● **DATA RECORDS**:
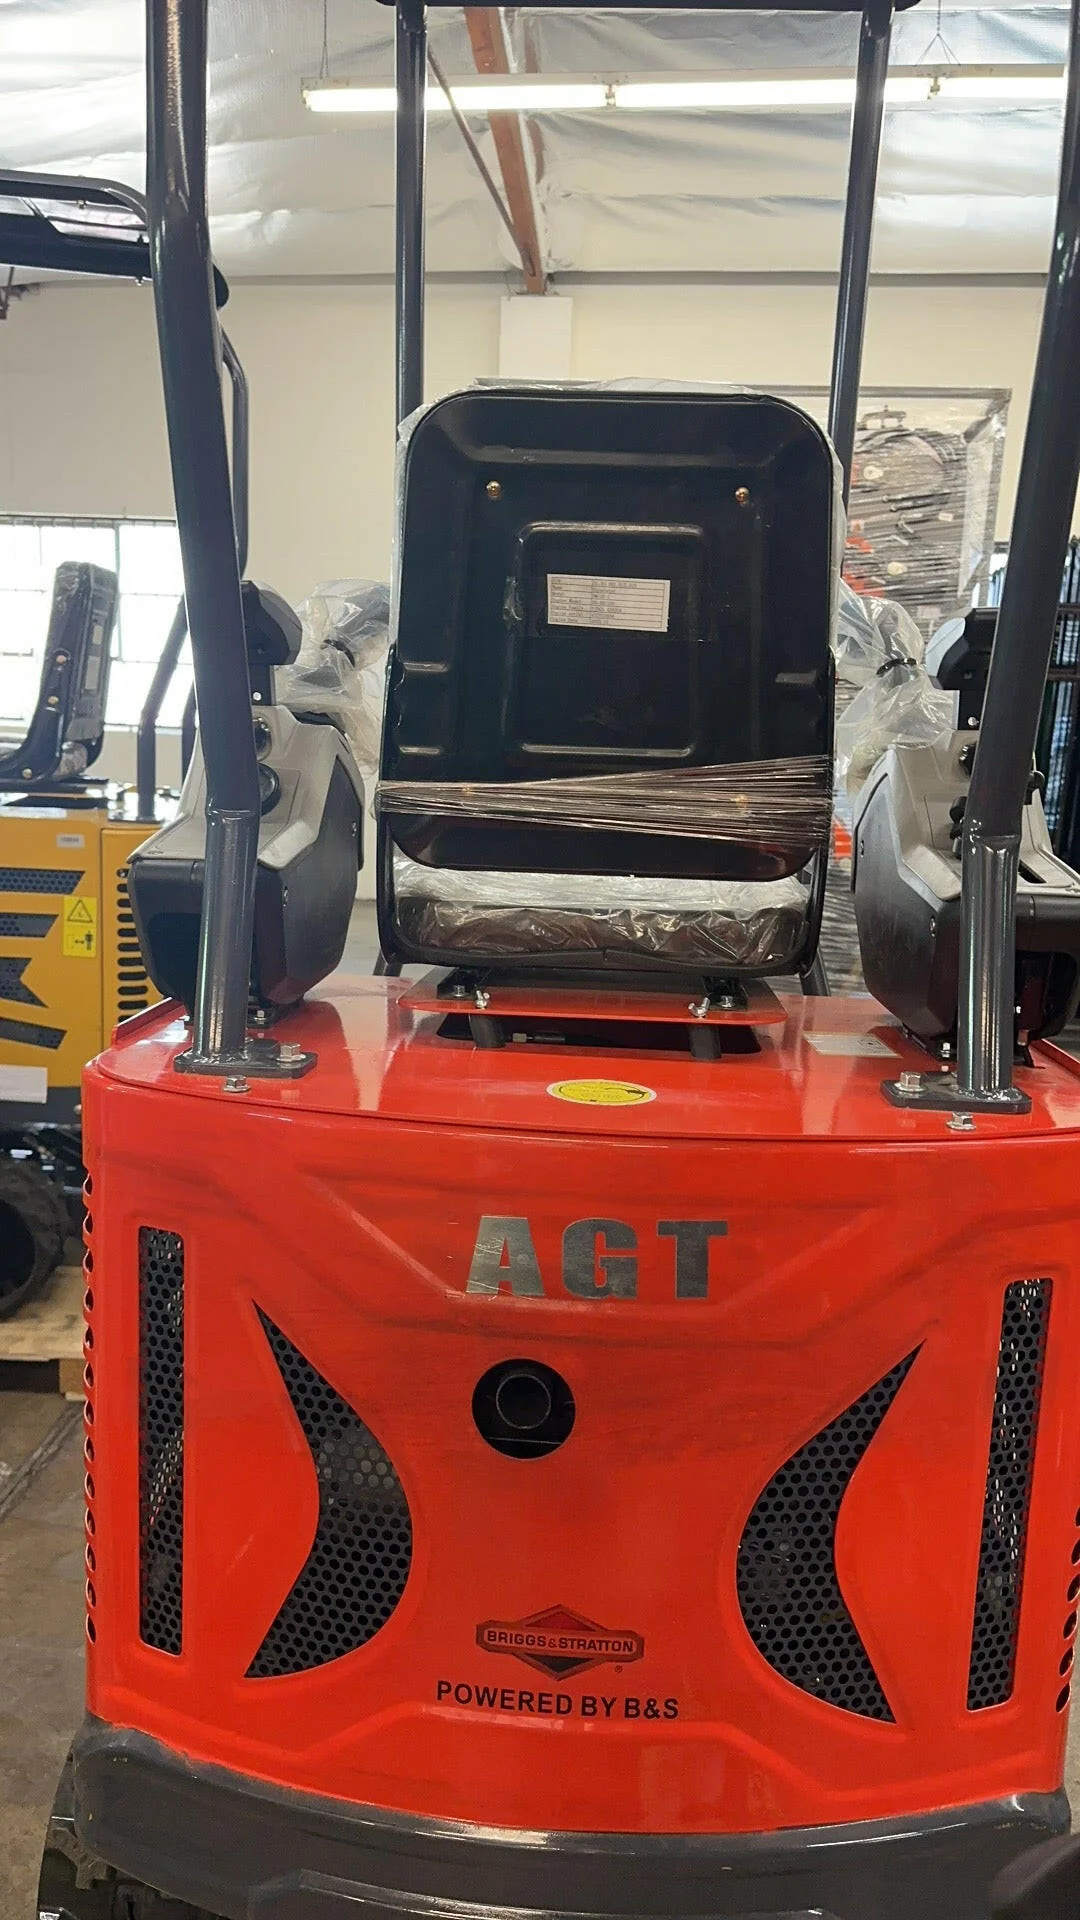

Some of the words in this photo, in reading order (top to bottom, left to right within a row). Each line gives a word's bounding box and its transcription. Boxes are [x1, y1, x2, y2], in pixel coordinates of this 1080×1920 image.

[466, 1215, 729, 1300] AGT
[437, 1680, 573, 1715] POWERED
[581, 1696, 617, 1717] BY
[624, 1697, 679, 1719] B&S
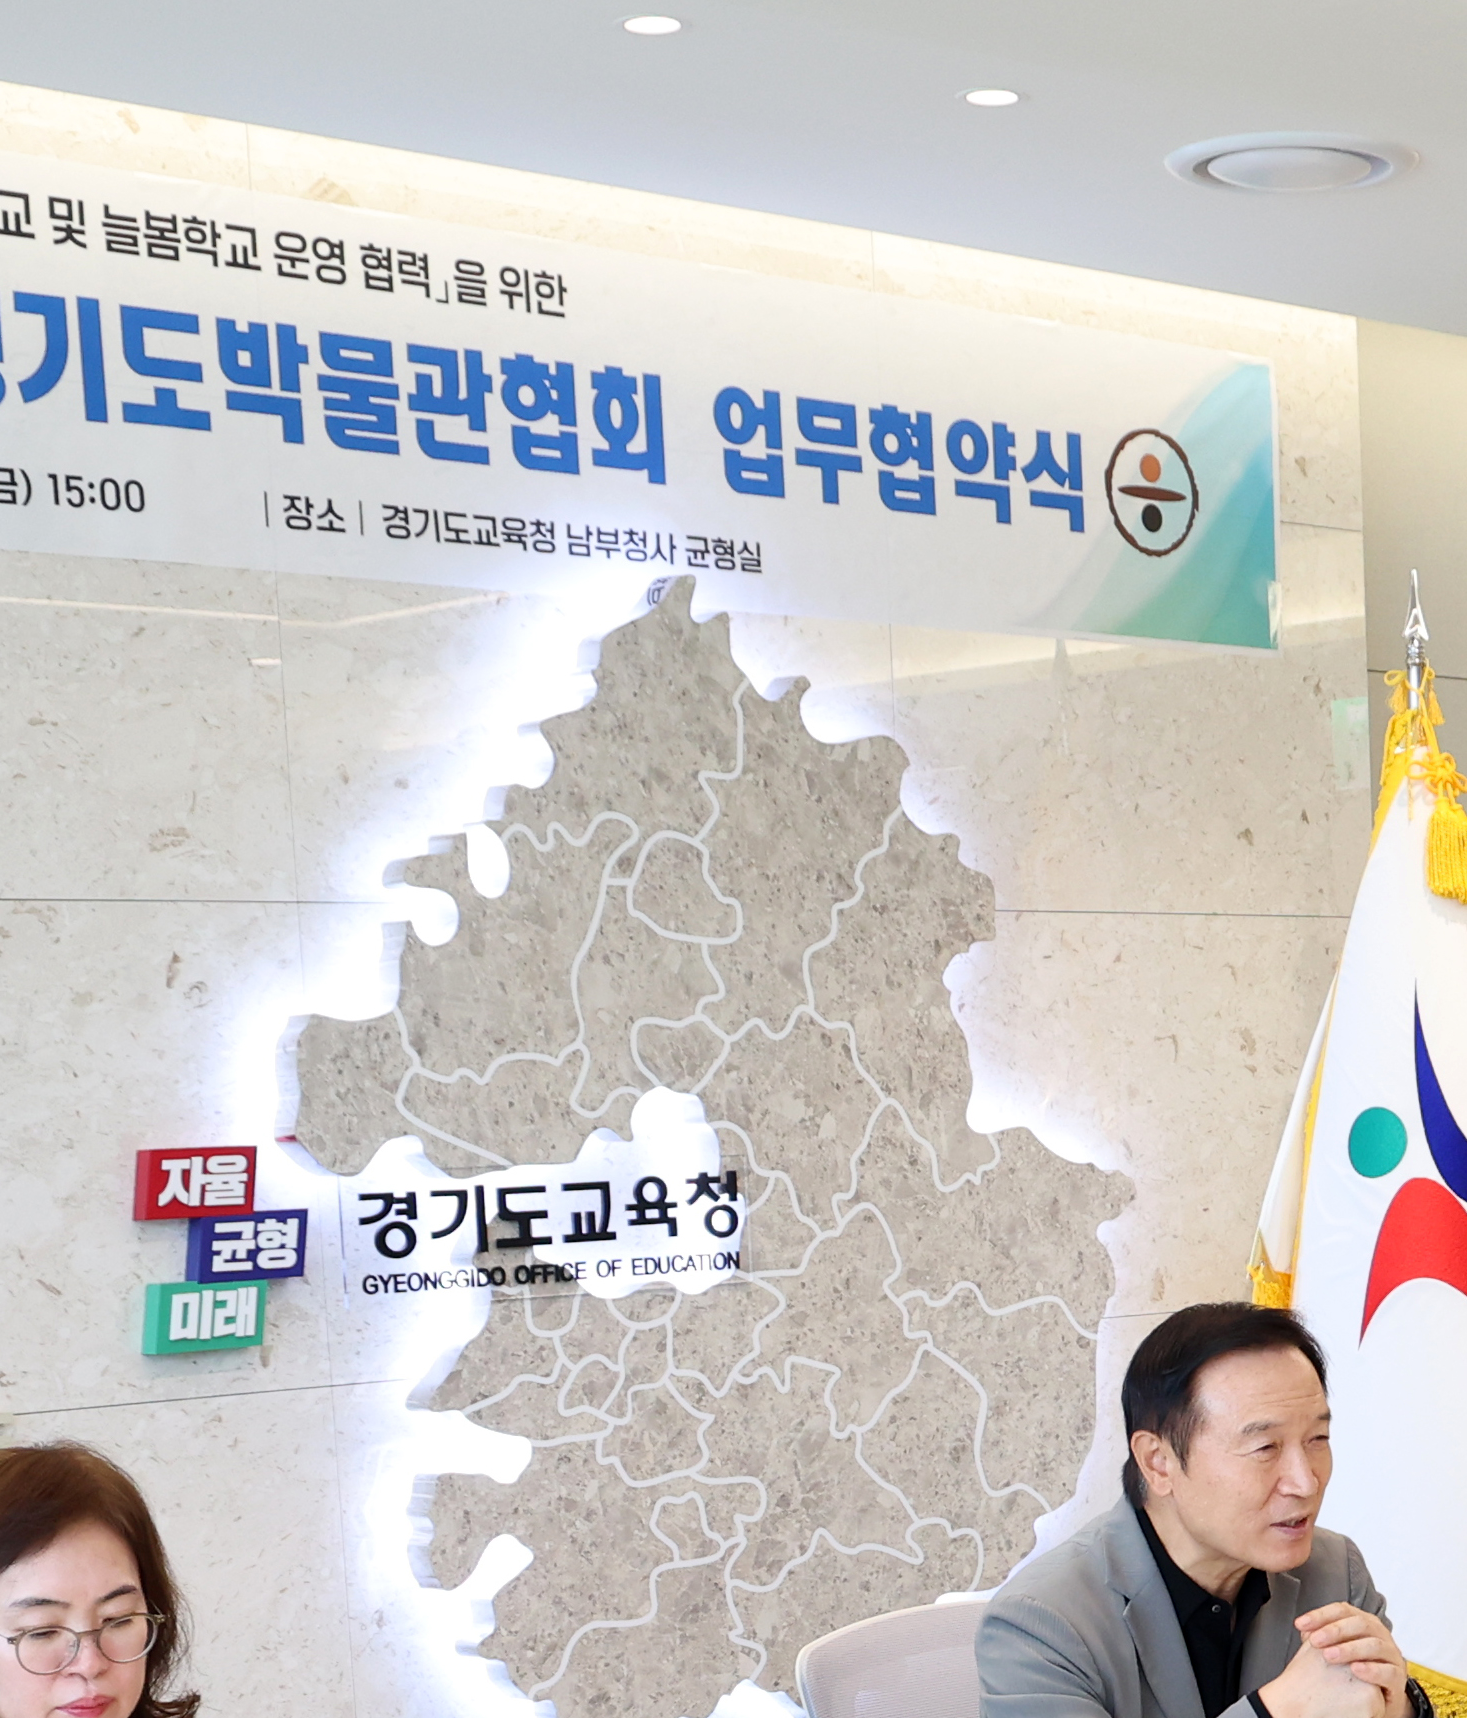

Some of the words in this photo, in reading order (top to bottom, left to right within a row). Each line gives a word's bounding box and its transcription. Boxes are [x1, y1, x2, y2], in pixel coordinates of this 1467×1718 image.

[47, 195, 88, 249] 및
[101, 203, 262, 272] 늘봄학교
[273, 230, 347, 286] 운영
[499, 267, 568, 318] 위한
[713, 384, 1088, 535] 업무협약식
[47, 472, 146, 514] 15:00
[282, 494, 346, 535] 장소
[381, 503, 557, 556] 경기도교육청
[566, 521, 677, 567] 남부청사
[684, 534, 764, 576] 균형실
[158, 1153, 248, 1209] 자율
[358, 1170, 739, 1259] 경기도교육청
[210, 1217, 299, 1273] 균형
[362, 1266, 505, 1296] GYEONGGIDO
[515, 1261, 587, 1286] OFFICE
[596, 1258, 622, 1279] OF
[631, 1250, 740, 1277] EDUCATION
[169, 1284, 258, 1342] 미래
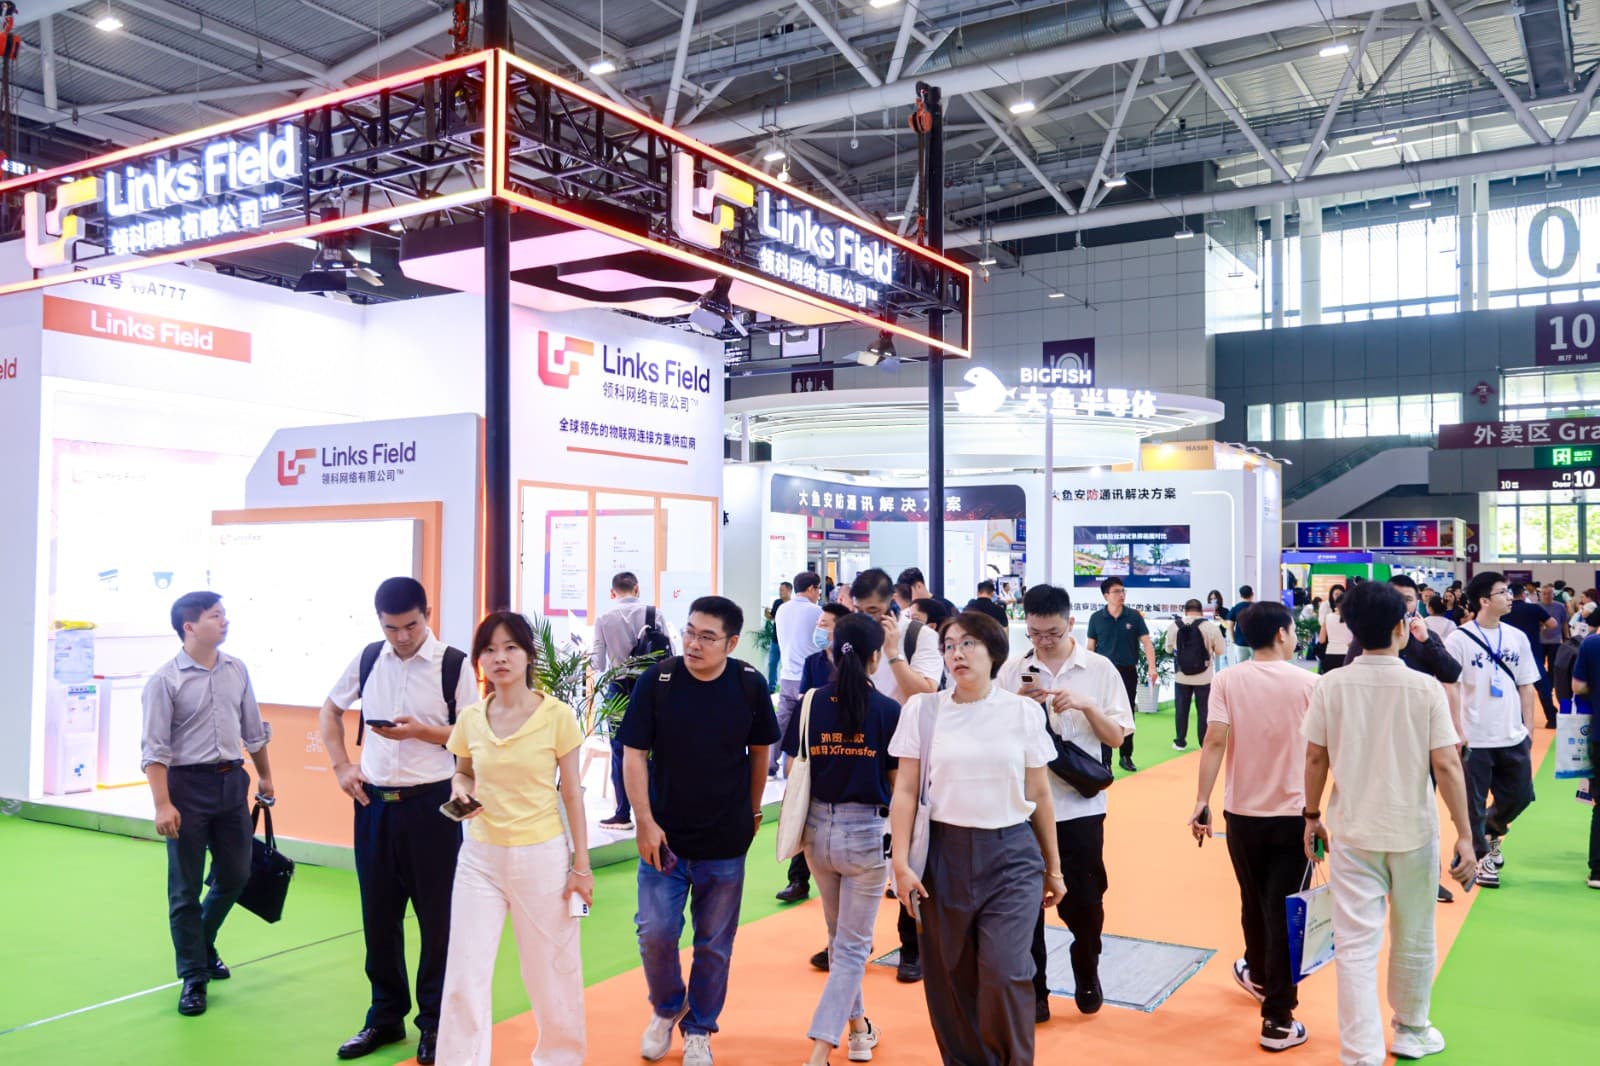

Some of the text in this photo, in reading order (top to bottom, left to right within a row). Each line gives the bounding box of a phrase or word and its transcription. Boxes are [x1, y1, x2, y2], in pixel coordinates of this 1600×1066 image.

[106, 122, 298, 216] Links Field
[757, 189, 893, 286] Links Field
[90, 309, 214, 352] Links Field
[1549, 313, 1596, 351] 10
[603, 344, 711, 394] Links Field
[1020, 367, 1093, 385] BIGFISH
[1019, 385, 1157, 419] 大鱼半导体
[559, 416, 696, 451] 全球领先的物联网连接方案供应商
[1473, 422, 1552, 446] 外卖区
[322, 440, 417, 468] Links Field
[1573, 469, 1596, 487] 10
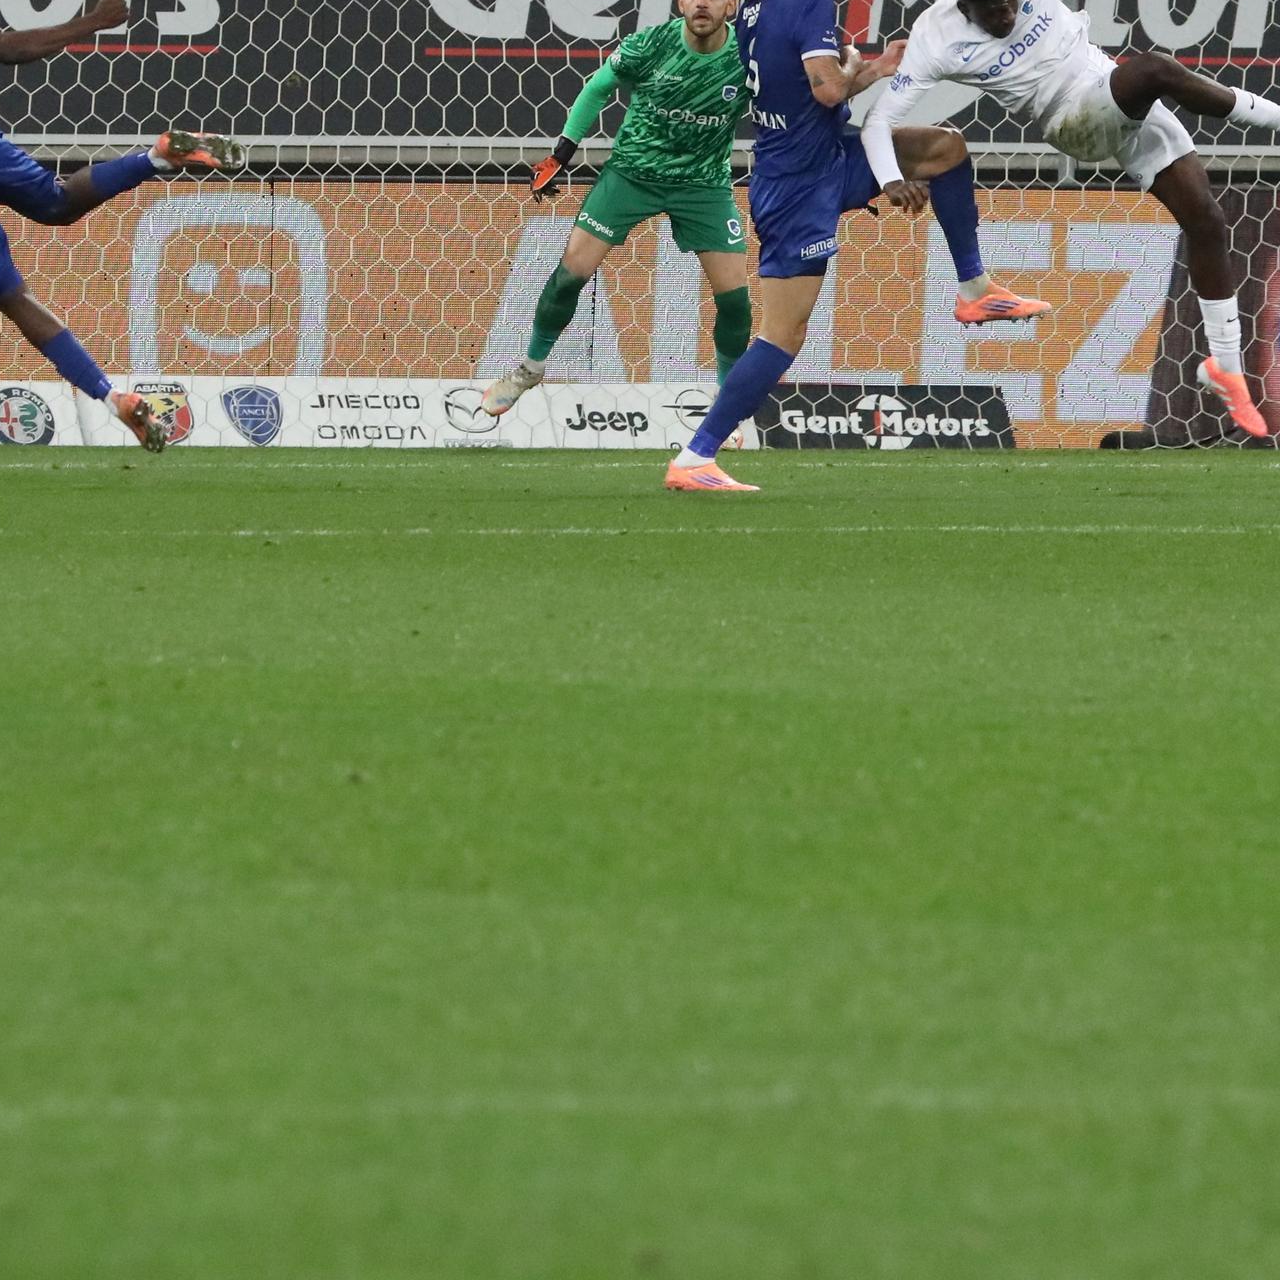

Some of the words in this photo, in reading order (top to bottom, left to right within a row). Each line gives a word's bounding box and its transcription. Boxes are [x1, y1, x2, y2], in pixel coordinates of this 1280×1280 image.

[475, 219, 1184, 422] ALEZ
[135, 383, 183, 394] ABARTH
[11, 389, 54, 423] ROMEO
[566, 403, 650, 437] Jeep
[779, 410, 864, 434] Gent
[878, 412, 991, 437] Motors

● **EXERCISE**: The result should be the full set of entries above, restated exactly and without images.

● **RESULT BELOW**:
Some of the words in this photo, in reading order (top to bottom, left to right within a row). Each line gives a word's bounding box and its transcription. Boxes are [x1, y1, x2, y2], in pixel coordinates of this 1080×1920 image.

[466, 1215, 729, 1300] AGT
[437, 1680, 573, 1715] POWERED
[581, 1696, 617, 1717] BY
[624, 1697, 679, 1719] B&S

Some of the words in this photo, in reading order (top to bottom, left to right within a row). Each line gives a word's bounding box and its transcription. Boxes are [x1, y1, x2, y2], in pixel coordinates of this 1467×1718 image.

[47, 195, 88, 249] 및
[101, 203, 262, 272] 늘봄학교
[273, 230, 347, 286] 운영
[499, 267, 568, 318] 위한
[713, 384, 1088, 535] 업무협약식
[47, 472, 146, 514] 15:00
[282, 494, 346, 535] 장소
[381, 503, 557, 556] 경기도교육청
[566, 521, 677, 567] 남부청사
[684, 534, 764, 576] 균형실
[158, 1153, 248, 1209] 자율
[358, 1170, 739, 1259] 경기도교육청
[210, 1217, 299, 1273] 균형
[362, 1266, 505, 1296] GYEONGGIDO
[515, 1261, 587, 1286] OFFICE
[596, 1258, 622, 1279] OF
[631, 1250, 740, 1277] EDUCATION
[169, 1284, 258, 1342] 미래

Some of the text in this photo, in reading order (top to bottom, left to right within a row). Each line gives the bounding box of a phrase or word and its transcription. Boxes are [x1, y1, x2, y2], in pixel coordinates of this 1600×1066 image.

[106, 122, 298, 216] Links Field
[757, 189, 893, 286] Links Field
[90, 309, 214, 352] Links Field
[1549, 313, 1596, 351] 10
[603, 344, 711, 394] Links Field
[1020, 367, 1093, 385] BIGFISH
[1019, 385, 1157, 419] 大鱼半导体
[559, 416, 696, 451] 全球领先的物联网连接方案供应商
[1473, 422, 1552, 446] 外卖区
[322, 440, 417, 468] Links Field
[1573, 469, 1596, 487] 10

Some of the words in this photo, in reading order (top to bottom, left to right within a row). Each line gives a word's bounding box and its transcription. Boxes are [x1, y1, x2, y2], in pixel coordinates of this 1280×1280 image.

[475, 219, 1184, 422] ALEZ
[135, 383, 183, 394] ABARTH
[11, 389, 54, 423] ROMEO
[566, 403, 650, 437] Jeep
[779, 410, 864, 434] Gent
[878, 412, 991, 437] Motors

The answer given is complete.